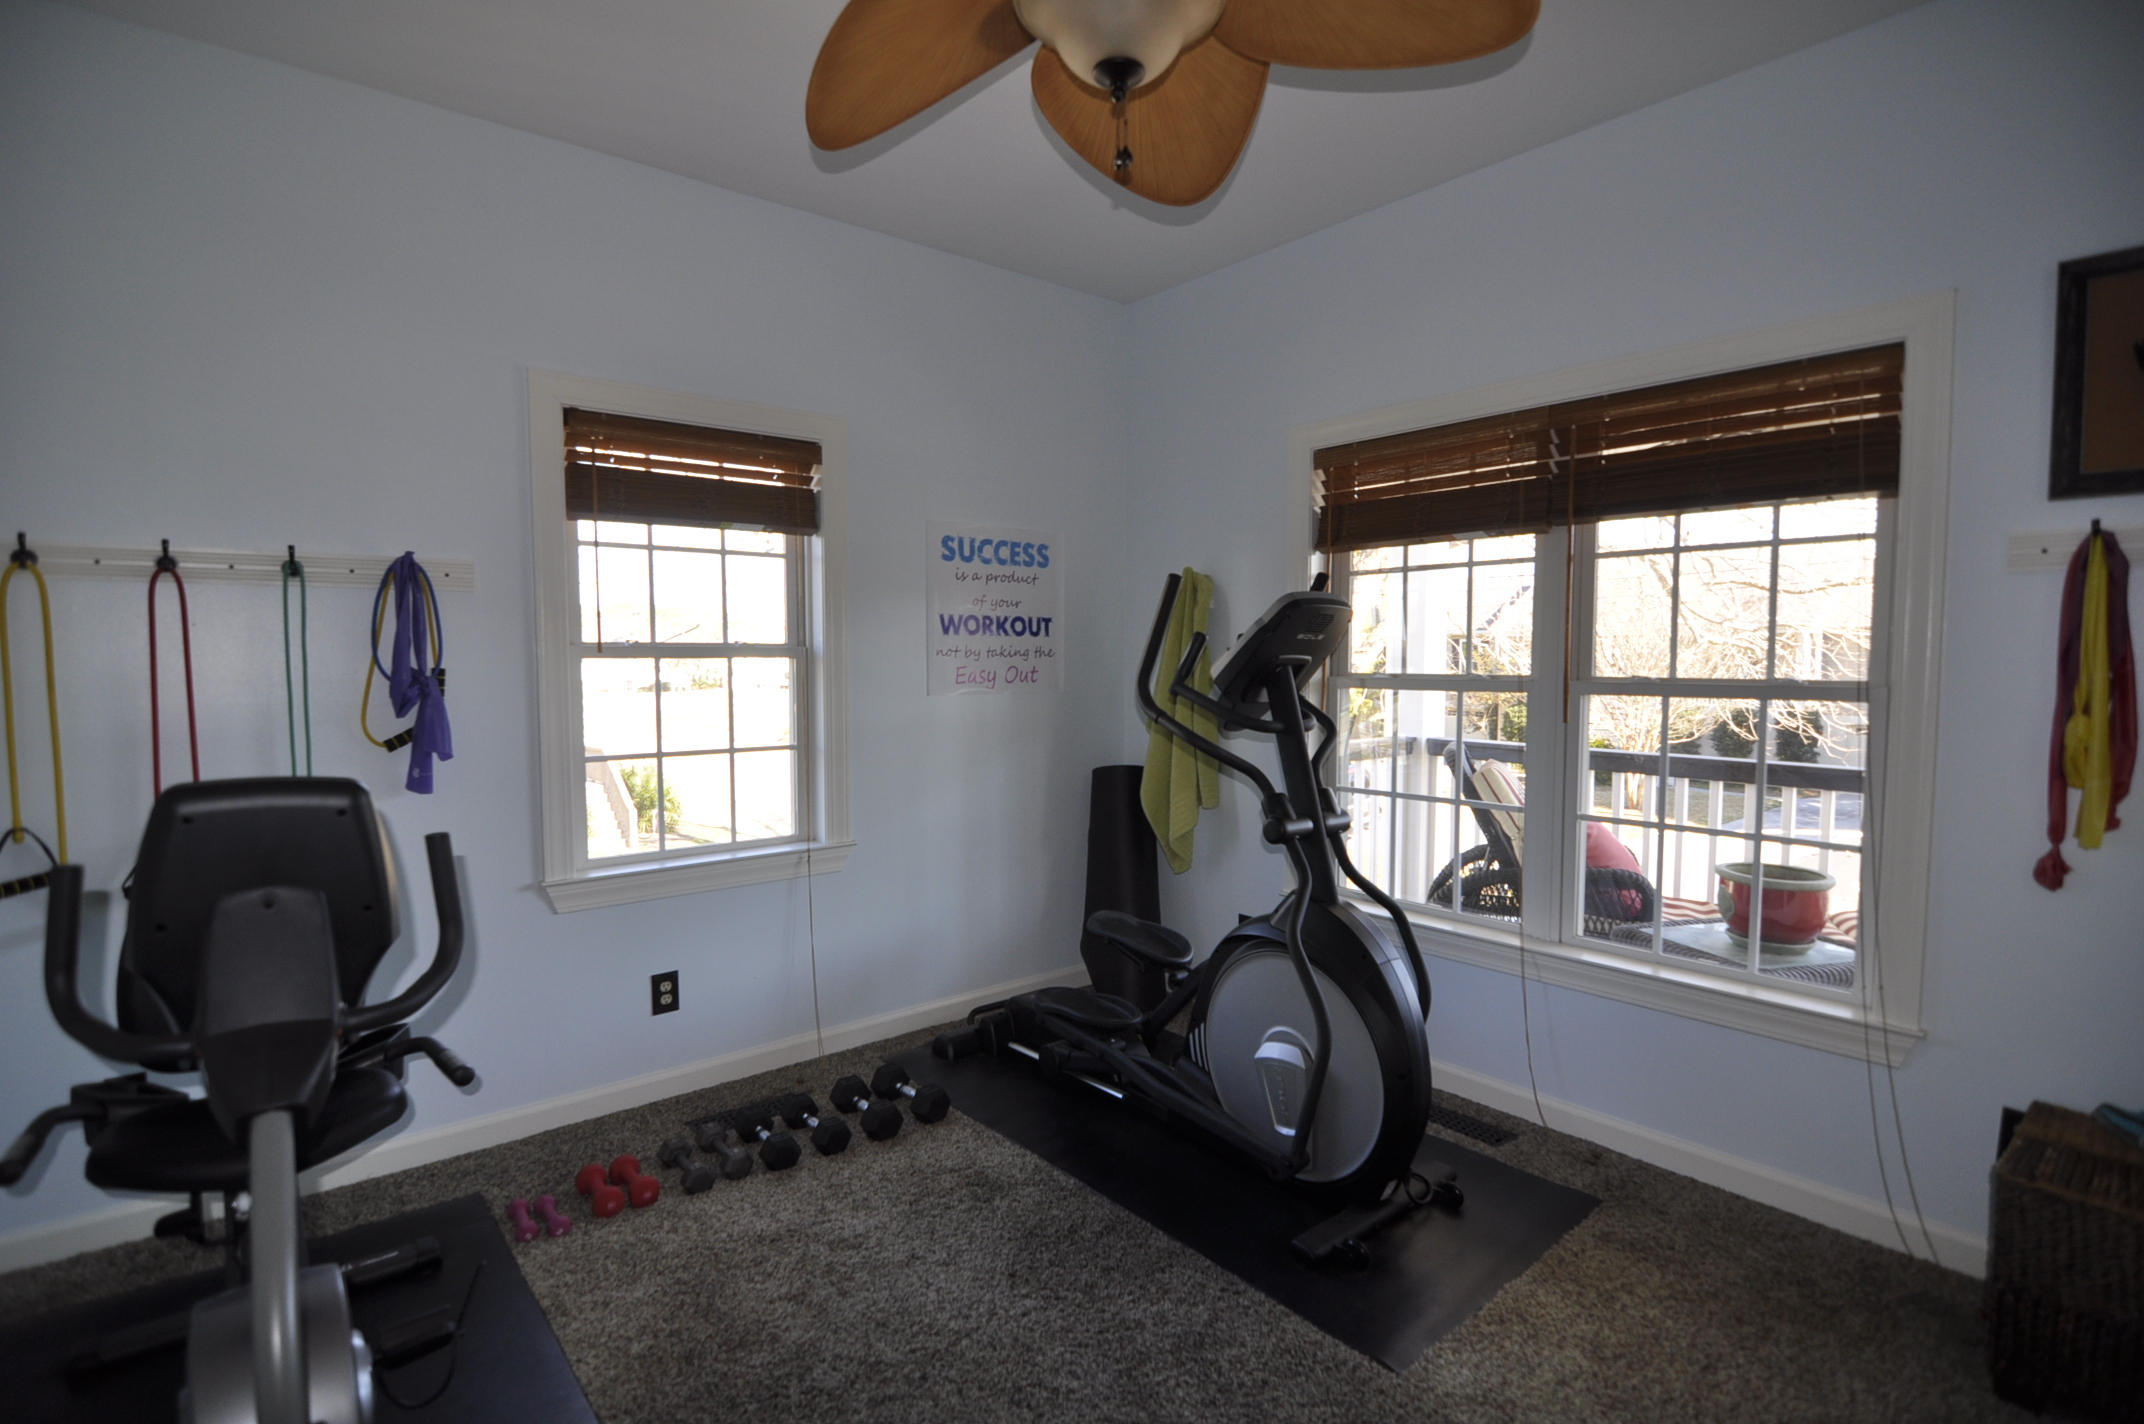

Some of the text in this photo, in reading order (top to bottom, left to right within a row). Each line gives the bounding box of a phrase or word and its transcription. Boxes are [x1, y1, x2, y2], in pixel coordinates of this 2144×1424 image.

[941, 535, 1050, 568] SUCCESS
[955, 567, 1040, 586] is a product
[972, 594, 1022, 611] of your
[939, 613, 1053, 637] WORKOUT
[935, 644, 1056, 662] not by taking the
[955, 665, 1040, 690] Easy Out
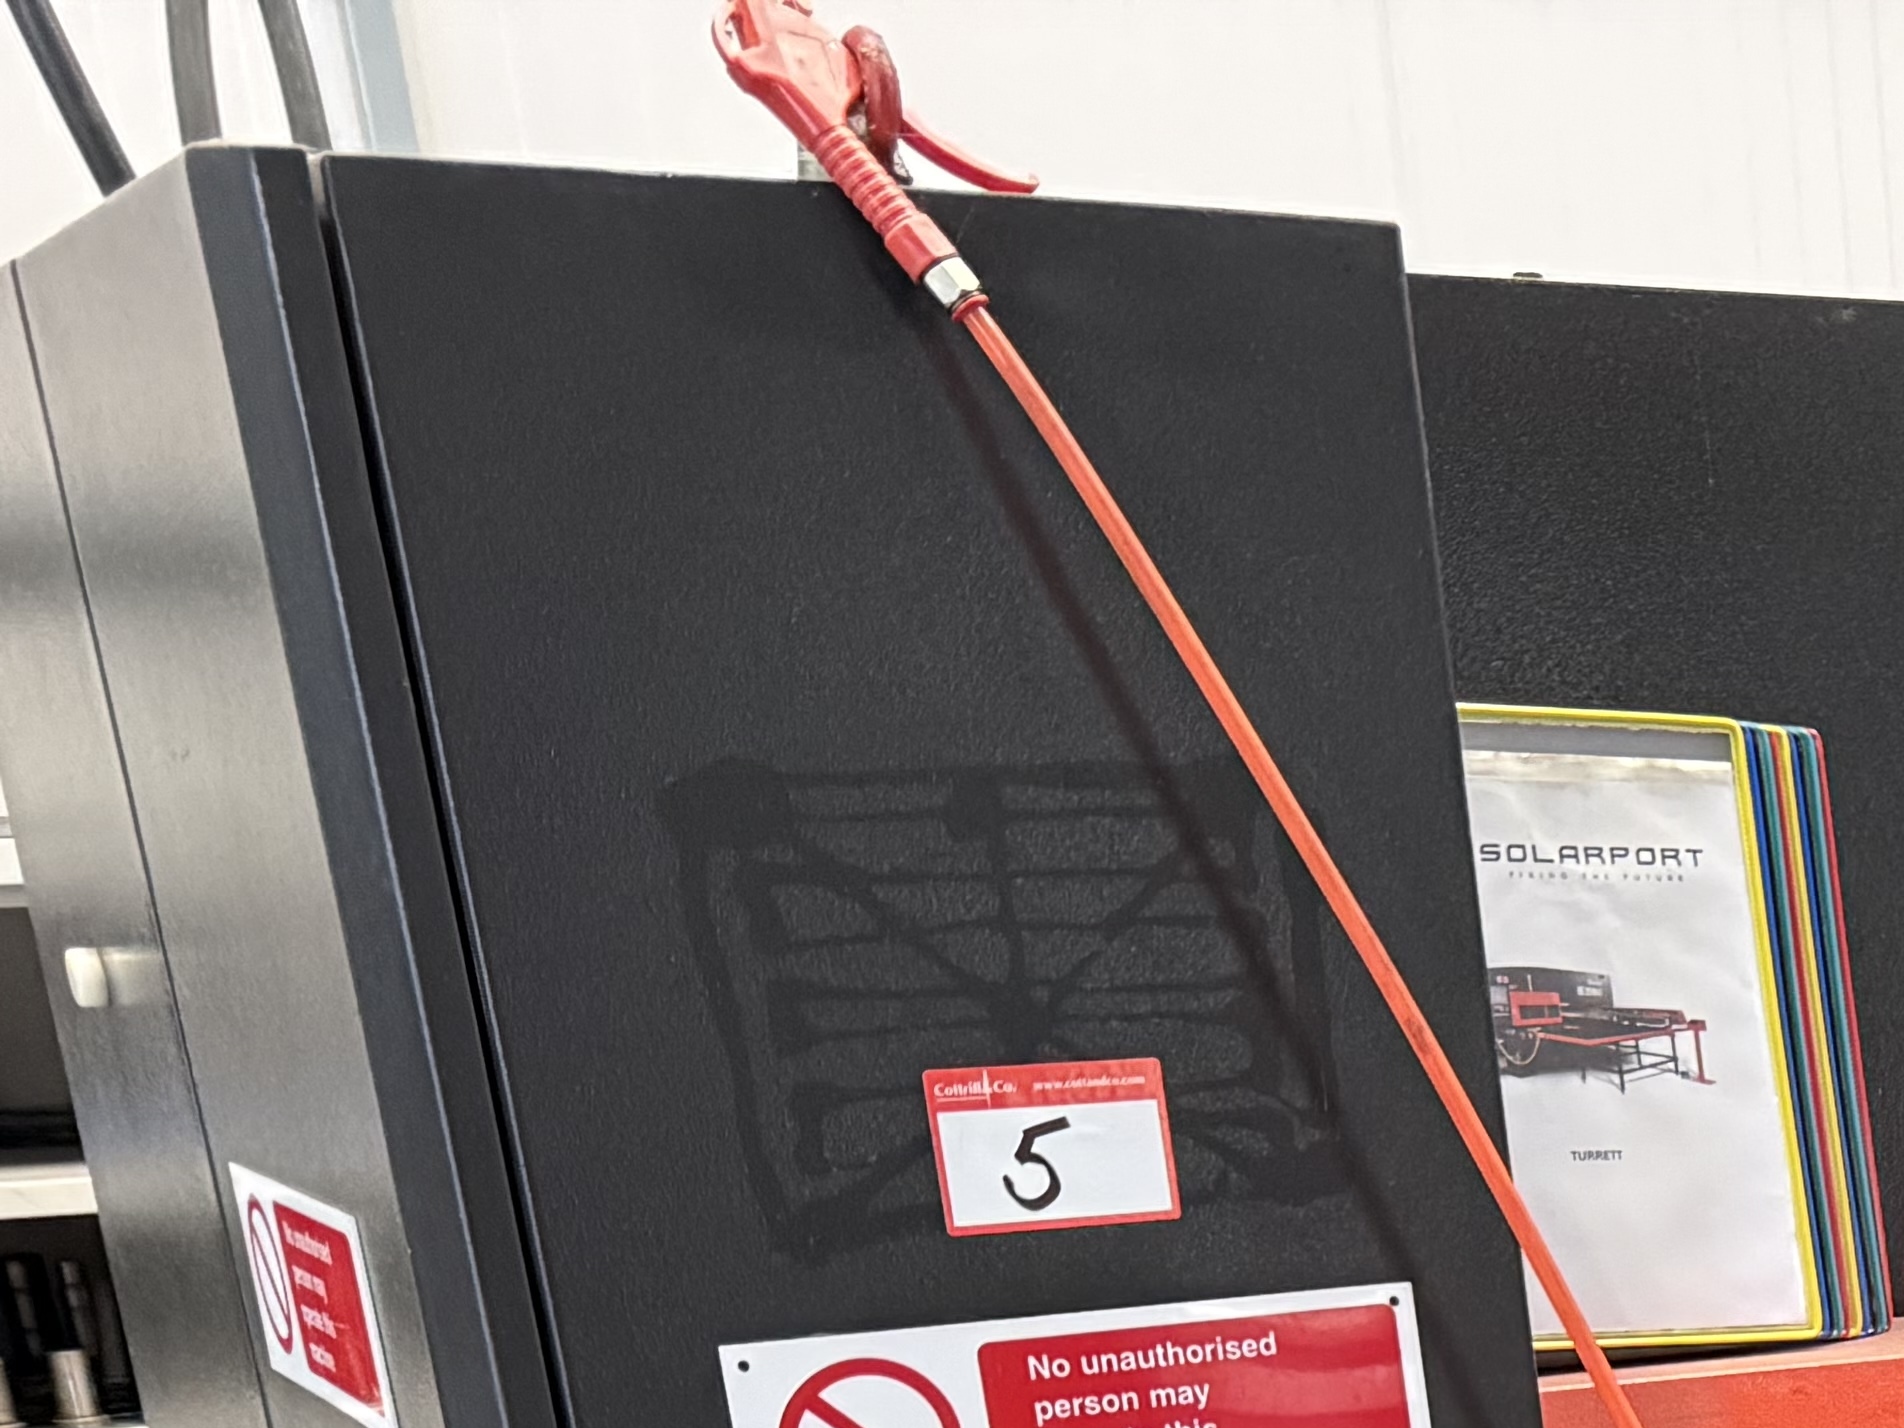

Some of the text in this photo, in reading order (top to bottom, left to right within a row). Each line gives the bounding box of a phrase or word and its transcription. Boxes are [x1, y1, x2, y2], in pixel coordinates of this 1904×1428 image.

[1479, 844, 1704, 868] SOLARPORT
[1002, 1116, 1071, 1212] 5
[1027, 1331, 1277, 1381] No unauthorised
[1034, 1383, 1210, 1427] person may

▸ PROBLEM REQUIREMENTS:
Print the entire listing precisely as written, omitting the images it holds.

▸ YOUR RESPONSE:
Some of the text in this photo, in reading order (top to bottom, left to right within a row). Each line gives the bounding box of a phrase or word and its transcription. Boxes are [x1, y1, x2, y2], in pixel coordinates of this 2144×1424 image.

[941, 535, 1050, 568] SUCCESS
[955, 567, 1040, 586] is a product
[972, 594, 1022, 611] of your
[939, 613, 1053, 637] WORKOUT
[935, 644, 1056, 662] not by taking the
[955, 665, 1040, 690] Easy Out

Some of the text in this photo, in reading order (top to bottom, left to right within a row). Each line gives the bounding box of a phrase or word and its transcription. Boxes are [x1, y1, x2, y2], in pixel coordinates of this 1904×1428 image.

[1479, 844, 1704, 868] SOLARPORT
[1002, 1116, 1071, 1212] 5
[1027, 1331, 1277, 1381] No unauthorised
[1034, 1383, 1210, 1427] person may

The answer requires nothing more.